**Your task**
Set the images aside and retype the whole listing exactly.
Materials provided: Begin
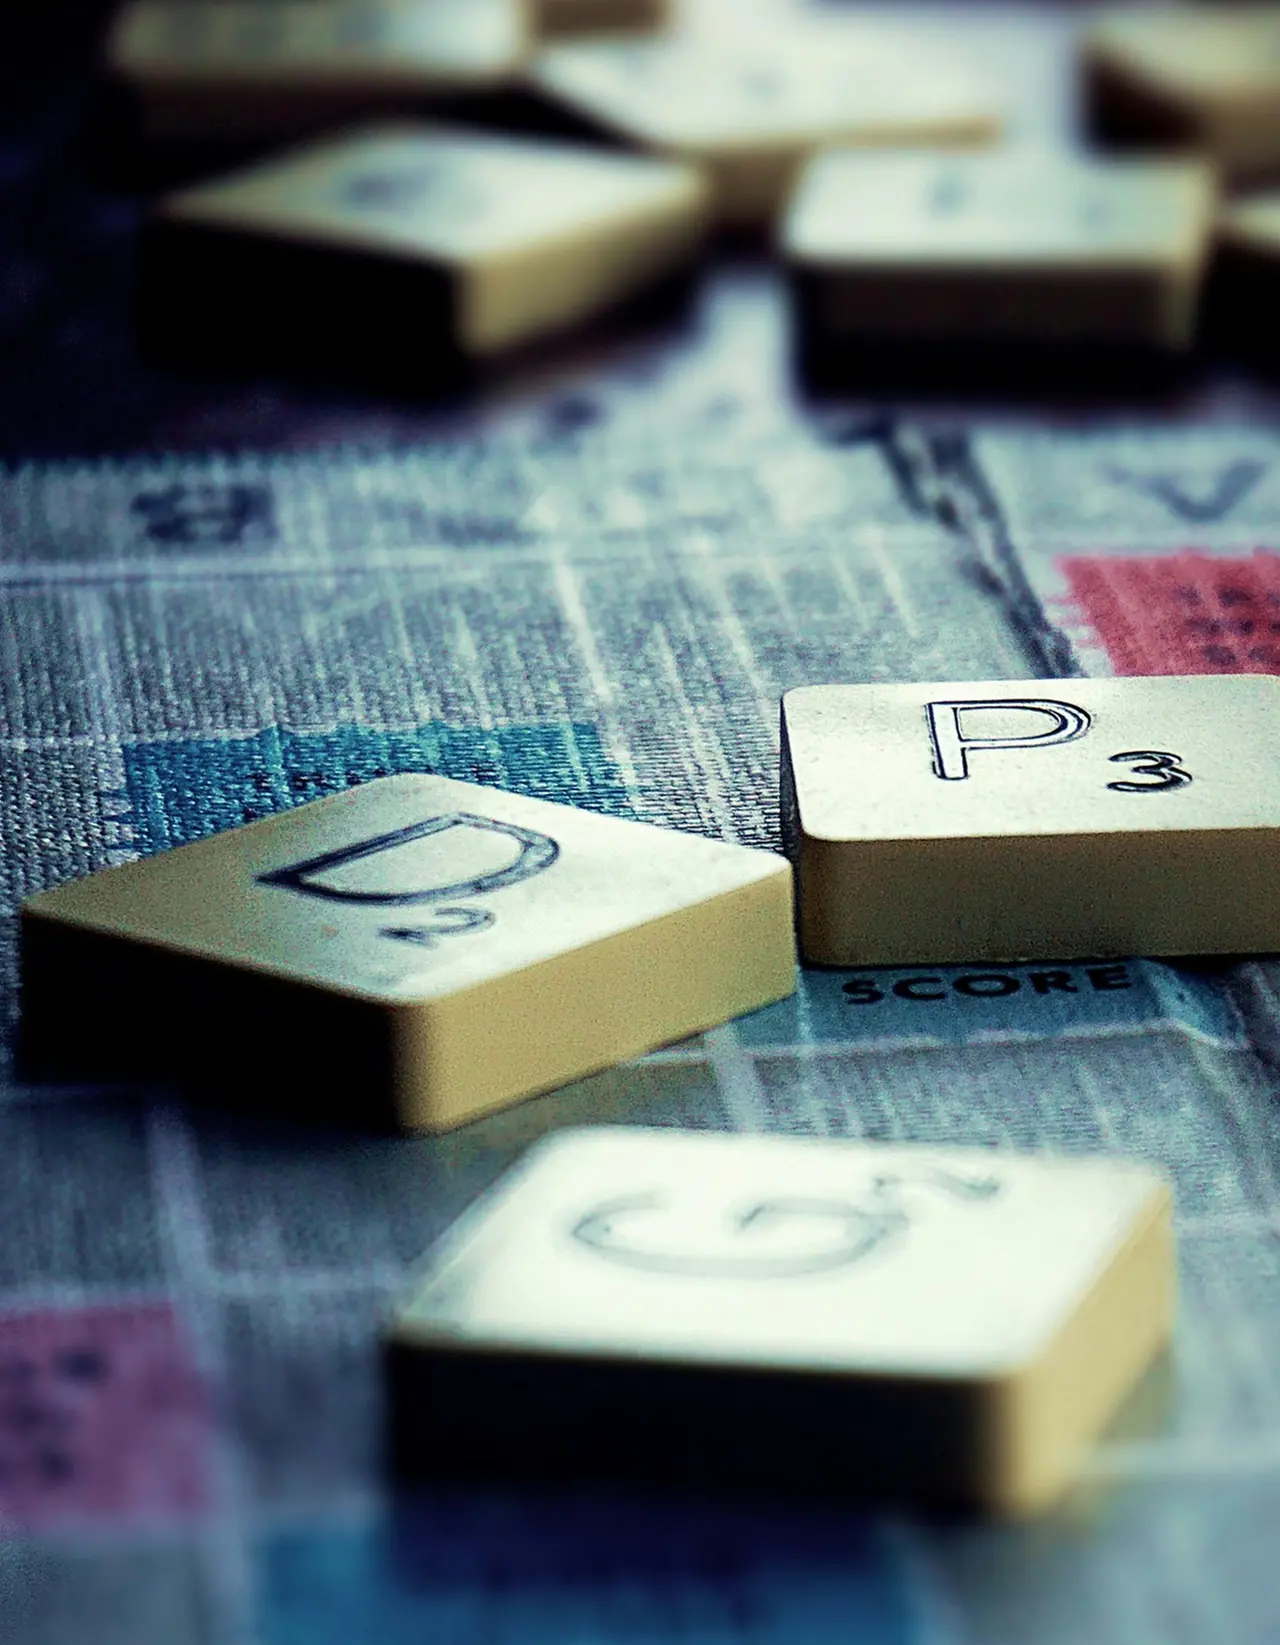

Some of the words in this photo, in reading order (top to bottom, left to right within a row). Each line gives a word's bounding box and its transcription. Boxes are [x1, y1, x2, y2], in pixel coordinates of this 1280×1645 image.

[923, 698, 1094, 781] P
[1105, 750, 1194, 792] 3
[253, 810, 561, 904] D
[378, 906, 497, 950] 2
[842, 963, 1134, 1005] SCORE
[570, 1186, 912, 1281] G
Materials provided: End
**The answer**
Some of the words in this photo, in reading order (top to bottom, left to right within a row). Each line gives a word's bounding box and its transcription. Boxes are [x1, y1, x2, y2], in pixel coordinates of this 1280×1645 image.

[923, 698, 1094, 781] P
[1105, 750, 1194, 792] 3
[253, 810, 561, 904] D
[378, 906, 497, 950] 2
[842, 963, 1134, 1005] SCORE
[570, 1186, 912, 1281] G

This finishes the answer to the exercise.